Real estate investment trusts have been improving their public reports of environmental, social and governance, or ESG, efforts and outcomes in recent years.
According to new insights from global index provider FTSE Russell and the National Association of Real Estate Investments Trusts, the percentage of REITs that publicly report ESG criteria have steadily risen.
“In 2019, 84 of the 100 largest equity REITs, representing 89% of equity market cap, publicly reported on ESG efforts and outcomes. This is a very impressive number and clearly indicates a progression in this area within the REIT community. ESG factors are clearly becoming a much more important factor in determining success in the real estate market,” John D. Worth, executive vice president, research & investor outreach, Nareit, said in a note.
During a recent presentation, “Growth of Real Estate in a Technology-driven, New Economy”, at the CAiP 2020 Real Estate & Infrastructure Virtual Forum, FTSE Russell and Nareit revealed that REITs are increasingly reporting on carbon emissions, waste management, energy, and water usage. REITs are also adding resources dedicated to sustainability, board diversity, and community development programs.

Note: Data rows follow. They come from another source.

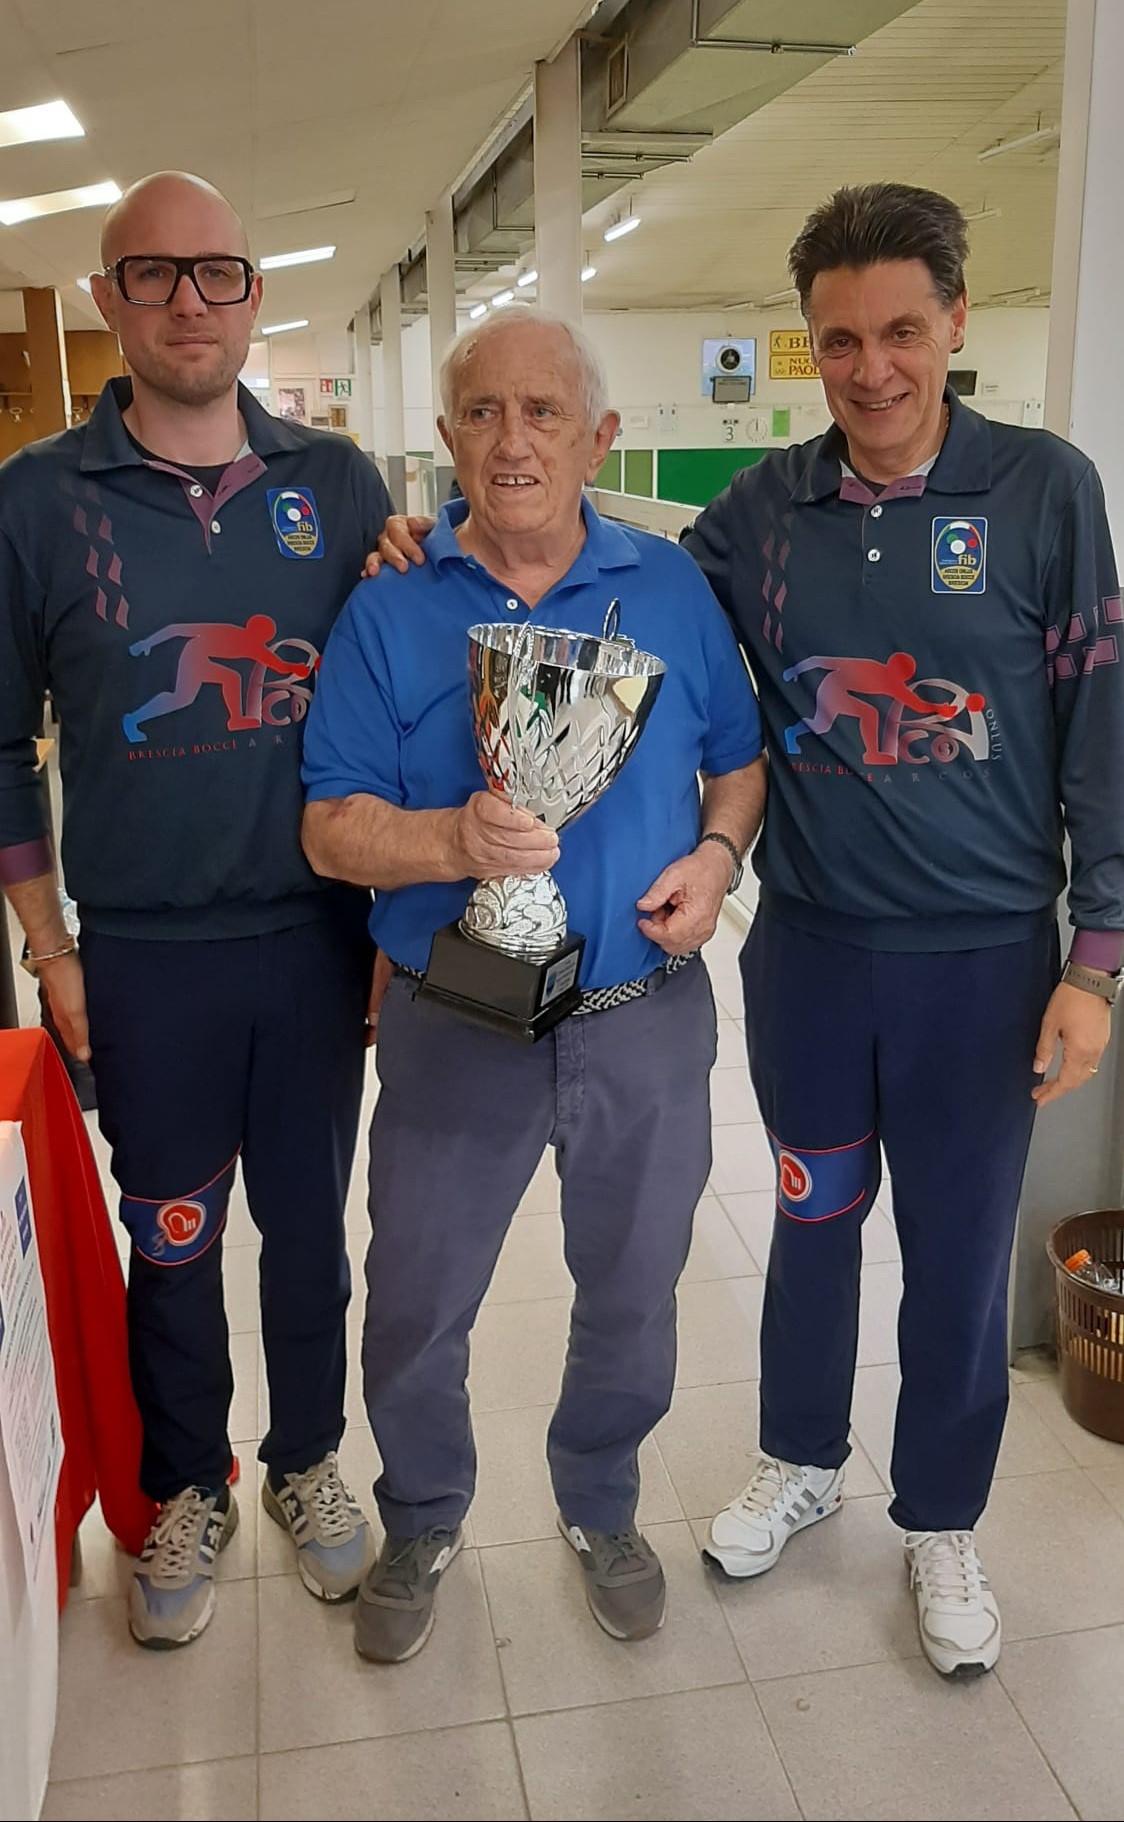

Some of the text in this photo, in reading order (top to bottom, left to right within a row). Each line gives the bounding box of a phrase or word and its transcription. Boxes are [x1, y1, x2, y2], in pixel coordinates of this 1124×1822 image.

[725, 426, 734, 441] 3
[297, 521, 313, 531] fib
[958, 554, 977, 566] fib
[986, 708, 1002, 760] ONLUS
[128, 747, 187, 761] BRESCIA
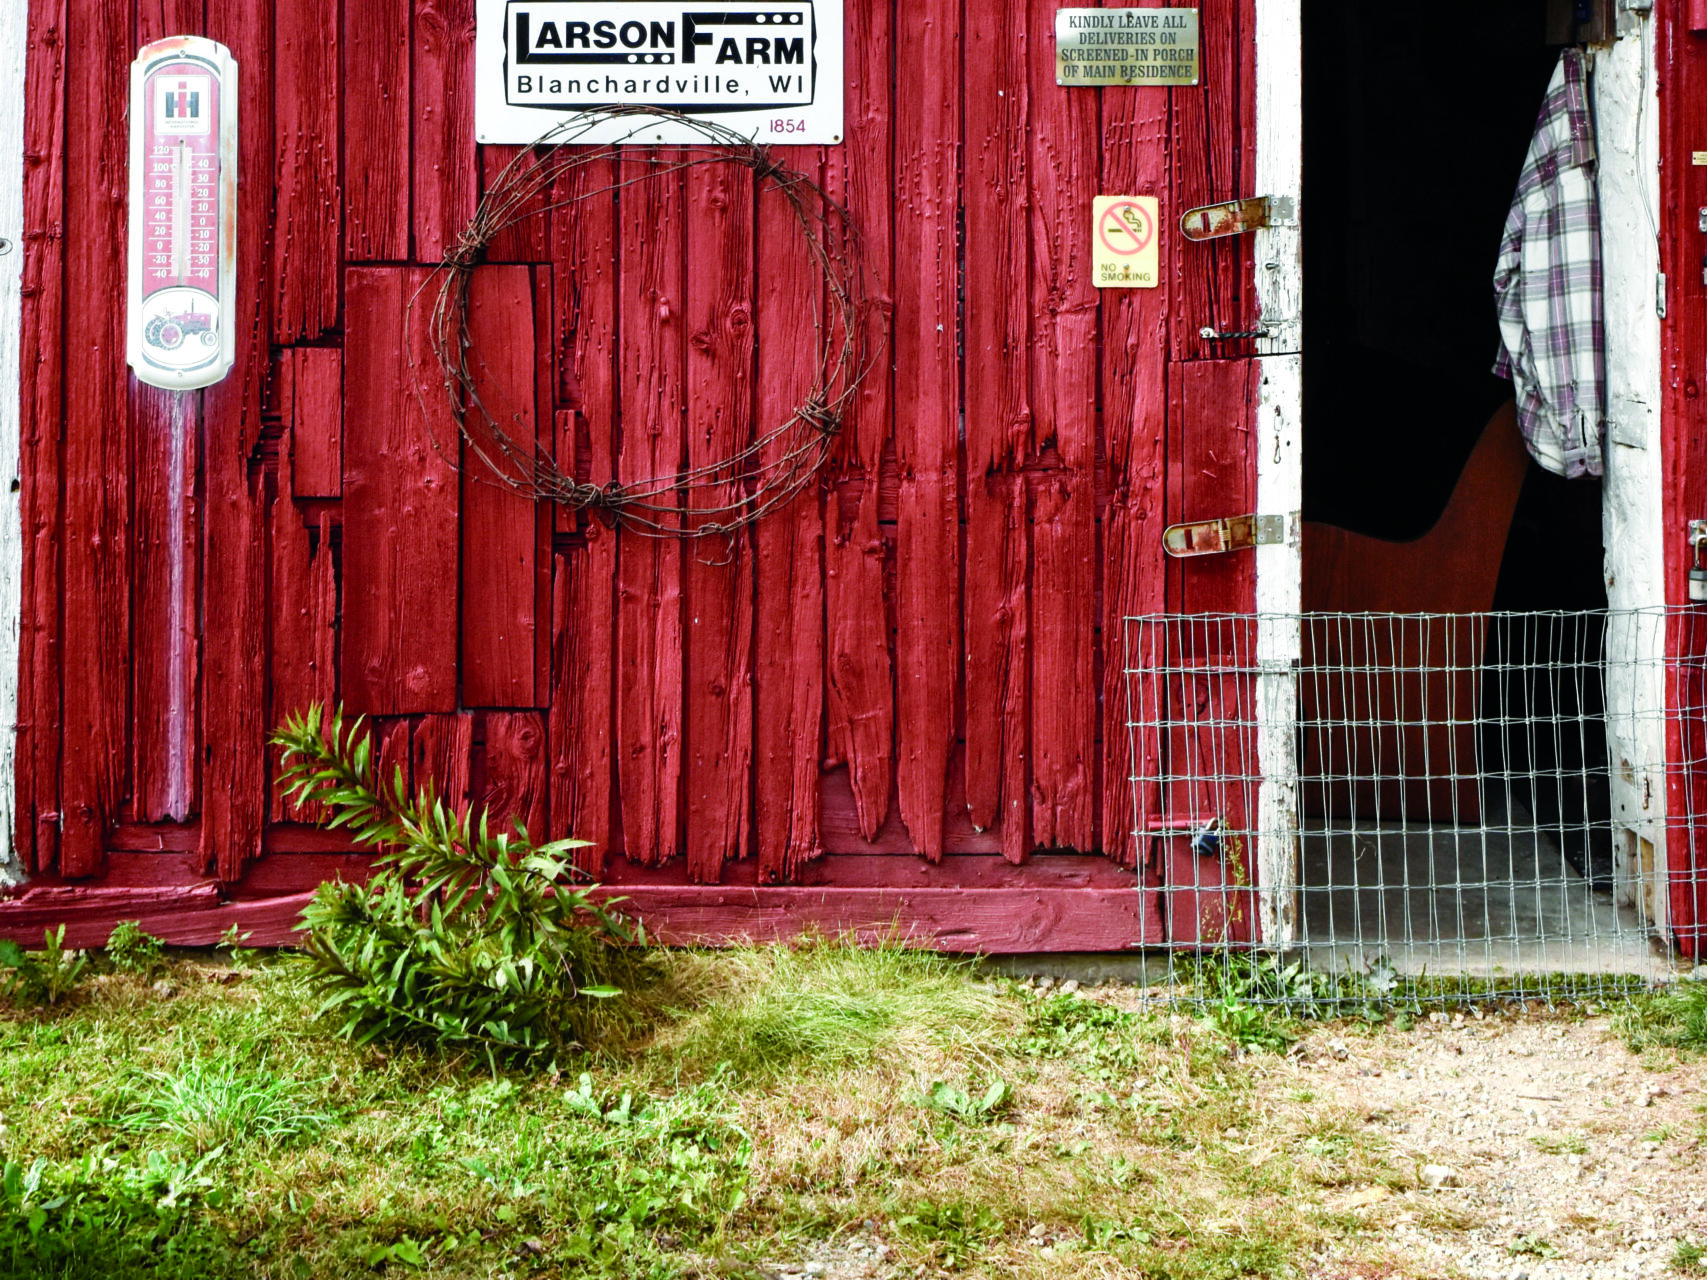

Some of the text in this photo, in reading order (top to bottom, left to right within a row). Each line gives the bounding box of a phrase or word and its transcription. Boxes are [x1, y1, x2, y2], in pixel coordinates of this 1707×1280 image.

[1069, 15, 1187, 28] KINDLY LEAVE ALL
[516, 12, 804, 65] LARSON FARM
[1079, 32, 1177, 45] DELIVERIES ON
[1061, 48, 1194, 61] SCREENED-IN PORCH
[1063, 65, 1193, 78] OF MAIN RESIDENCE
[517, 75, 803, 96] Blanchardville, WI
[769, 119, 806, 133] 1854
[153, 145, 170, 155] 120
[153, 163, 169, 172] 100
[198, 159, 209, 168] 40
[197, 174, 209, 182] 30
[155, 180, 166, 188] 80
[198, 188, 209, 197] 20
[155, 196, 166, 204] 60
[198, 202, 209, 211] 10
[155, 211, 166, 220] 40
[199, 217, 206, 225] 0
[154, 227, 166, 235] 20
[157, 241, 163, 249] 0
[1101, 263, 1117, 272] NO
[1101, 272, 1151, 281] SMOKING
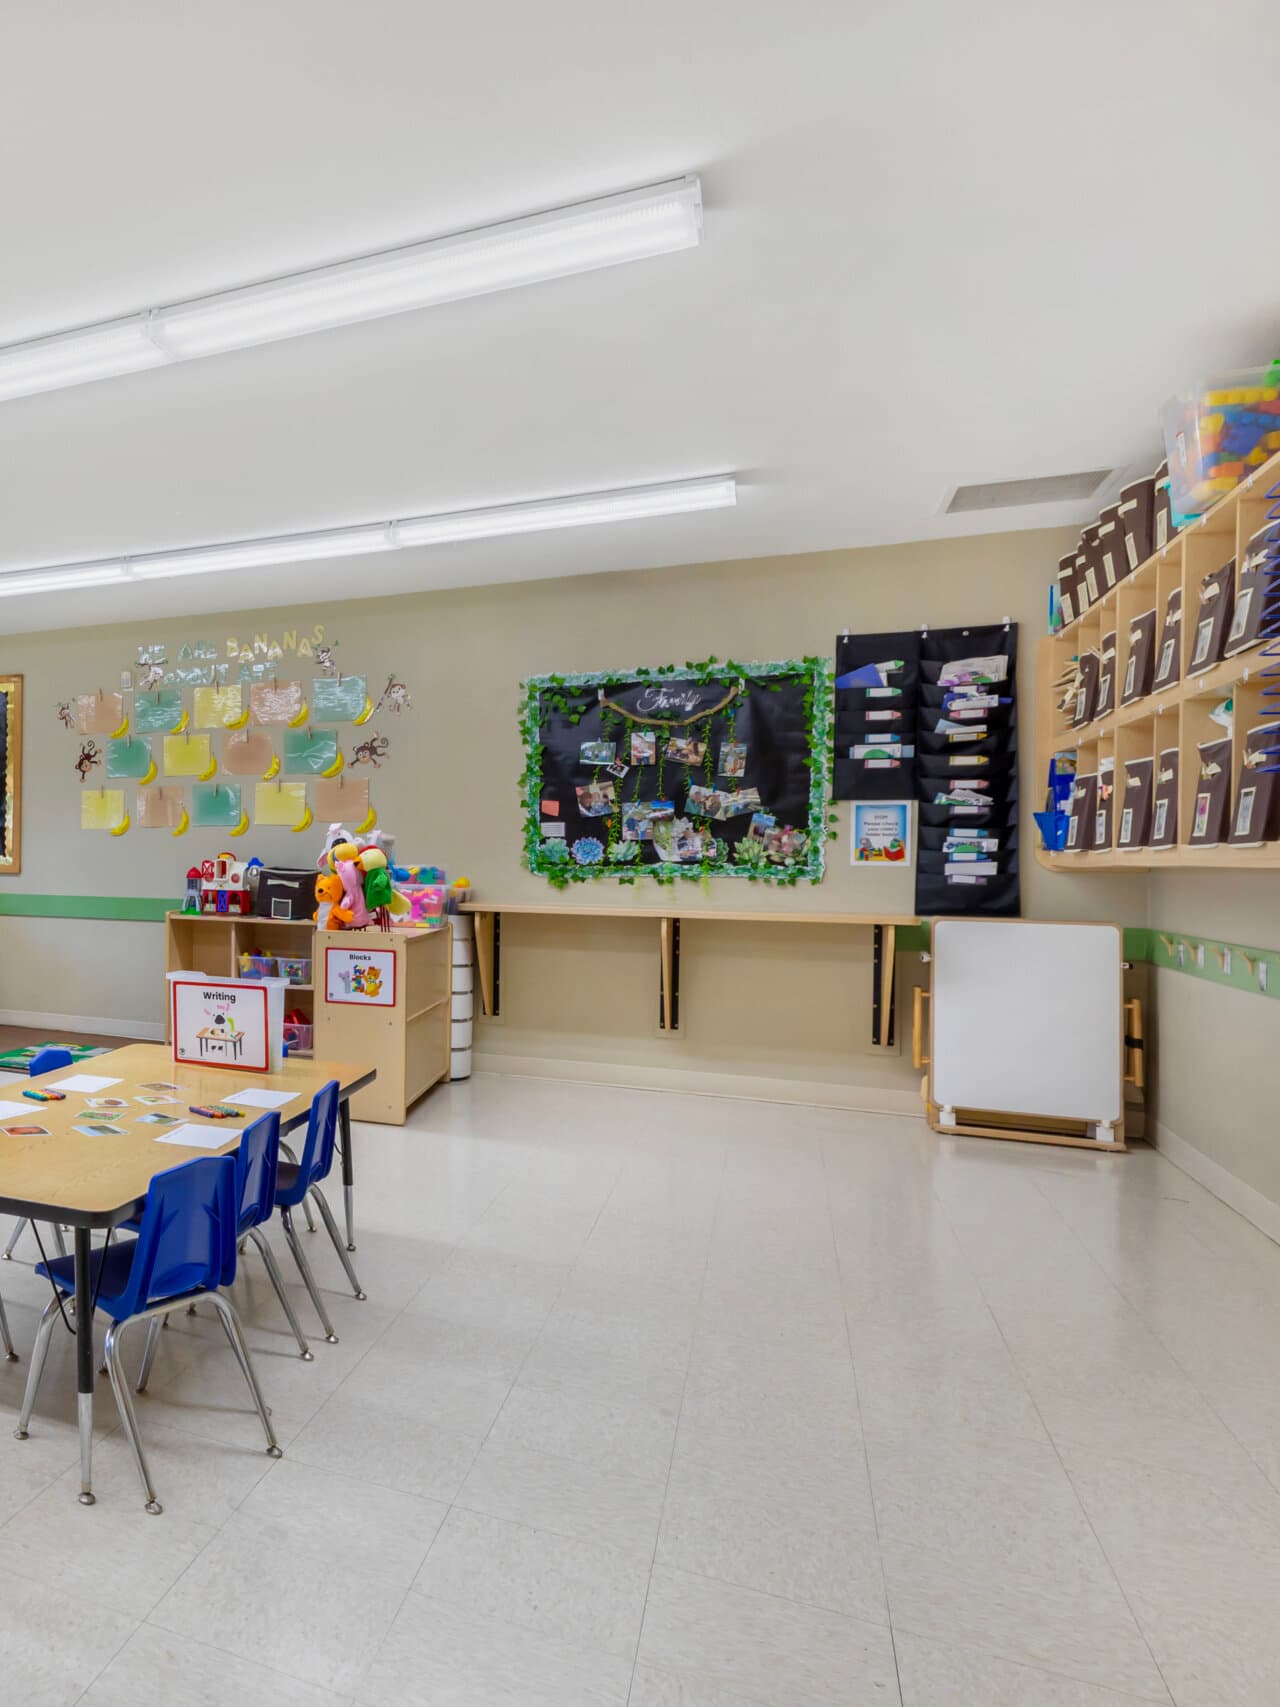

“As ESG measurement reach and standards continue to improve globally and begin to permeate important industries such as real estate, it helps global market data and index providers such as FTSE Russell continue to improve the measures we provide to investors,” Catherine Yoshimoto, director, product management, FTSE Russell, said in a note.
As ESG investments gain in popularity, there is an increased demand for accurate reporting on ESG-related criteria and standards. The improved ESG reporting may help investors better gauge opportunities and expand exposure to markets that are properly reporting their ESG efforts and outcomes.